Me queda creer, aunque me cuesta hacerlo, pues no puedo, tras innumerables horas y momentos que se estiran infinitamente en lo profundo de la relatividad de mi limitada psique, que la vida tenga tan inceremonioso final. ¿Qué sentido tiene? Dímelo, por favor, porque no lo encuentro. Sé que si me adentro en tratar de encontrar dicha respuesta, no sólo no la encontraré, sino que me perderé de mi propia vida y sanidad en una búsqueda inútil. Y sin embargo, habiéndolo comprendido, la pregunta persiste.

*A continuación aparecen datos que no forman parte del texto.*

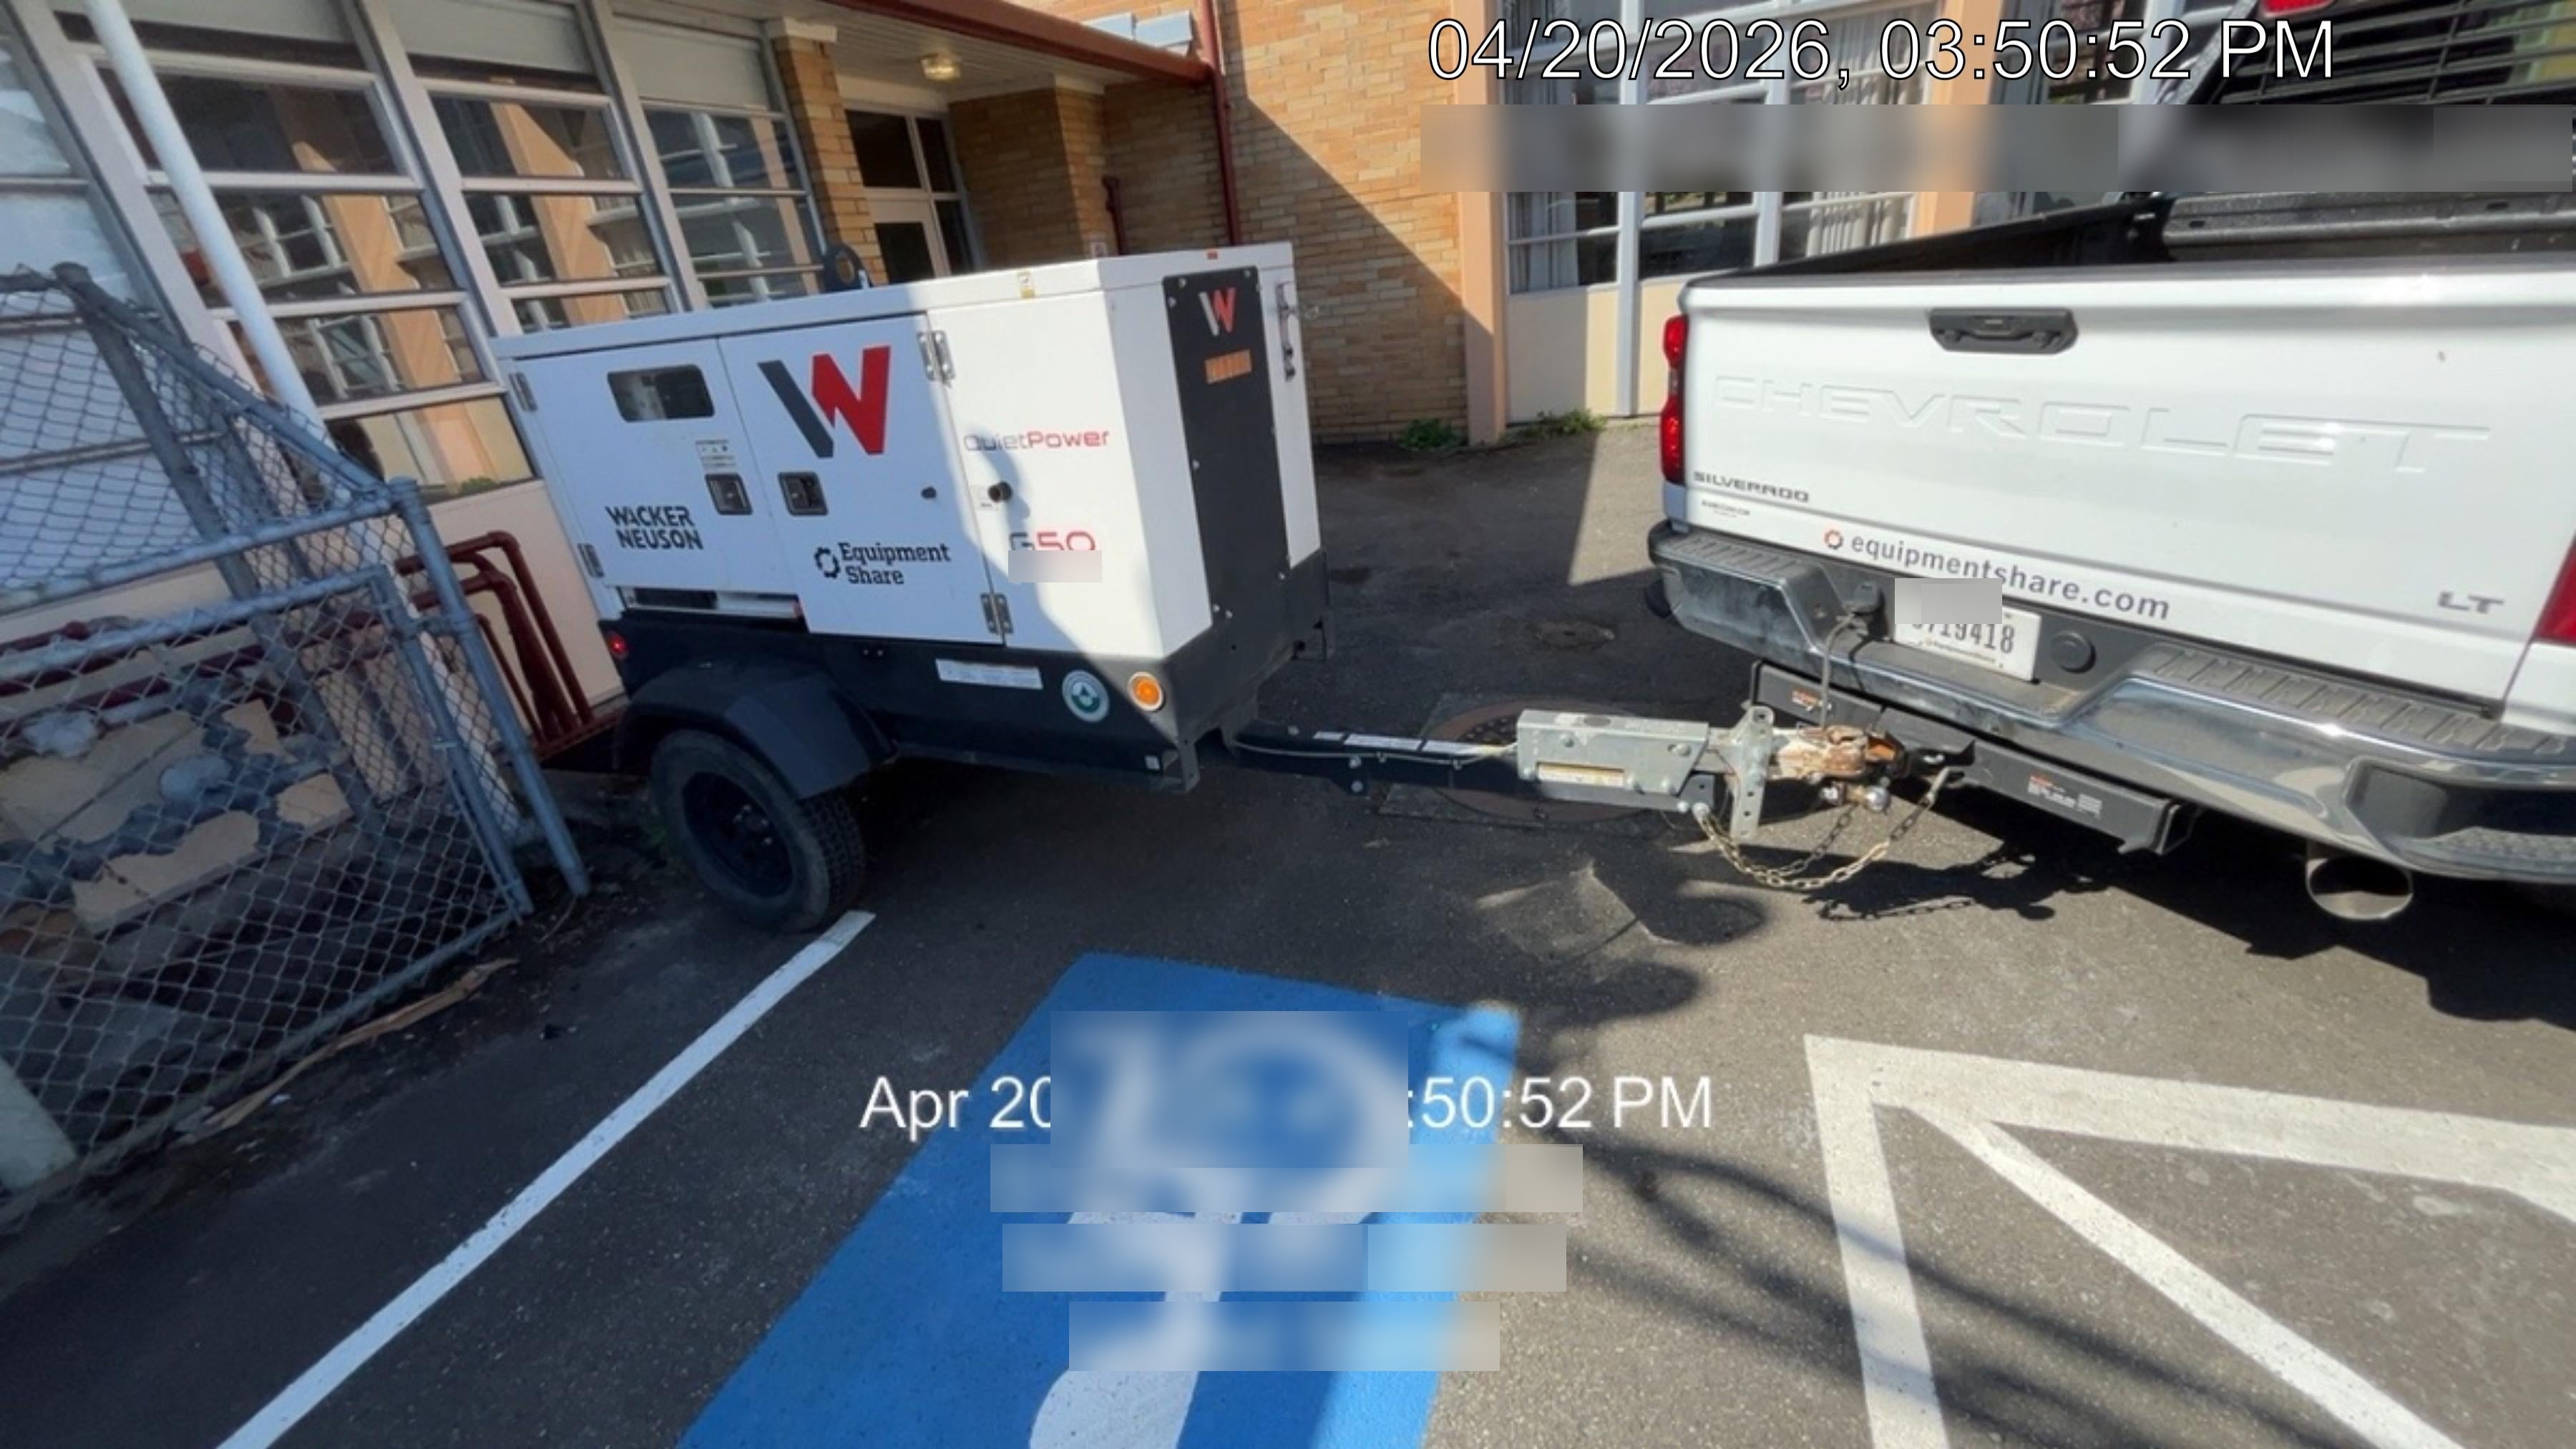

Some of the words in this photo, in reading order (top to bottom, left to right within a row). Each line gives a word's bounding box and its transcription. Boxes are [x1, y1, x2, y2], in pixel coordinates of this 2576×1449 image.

[757, 345, 891, 459] W
[1712, 374, 2492, 474] CHEVROLET
[964, 431, 1110, 451] QuietPower
[1694, 472, 1809, 503] SILVERADO
[605, 505, 696, 527] WACKER
[615, 529, 704, 550] NEUSON
[838, 542, 952, 566] Equipment
[845, 565, 904, 585] Share
[1850, 533, 2170, 620] equipmentshare.com
[2437, 590, 2506, 615] LT
[1912, 624, 2015, 653] 9418

¿Qué clase de dios, en qué clase de universo, permiten que alguien tan sabio, tan habilidoso, tan gentil y lleno de amor y vida, que dedicó cada segundo posible a ayudar a los enfermos, y cada otro segundo a desvivirse por su familia, sea llevado por una puta plaga? No sólo es triste de una manera que no logro articular, sino es injusto. Mi conclusión lógica sería entonces que la justicia es un artificio humano y que la injusticia es dolor irreconciliable sin aspiraciones ni posibilidades de catarsis. La injusticia es una fuerza natural, como un tornado, como un terremoto, valga la redundancia, como una plaga…

Si me notas enojado, si me lees triste, si me sientes confundido, es porque lo estoy, Pa. En un momento pasé de ser un adulto buscando sentido a su vida laboral y metas profesionales, a ser un niño indefenso, buscando tus manos, de tu abrazo y de que me aseguraras que todo iba a estar bien, como siempre, que todo se iba a arreglar. ¿Siempre lo hubo hecho, no? Pero no sucedió. Trascendiste, y lo más doloroso es que no pudiera sostener tu mano en ese momento, ni acariciar tu cabello o besar tu frente, ni decirte que te amo y que estoy contigo, y que nunca más podré volver a hacerlo. 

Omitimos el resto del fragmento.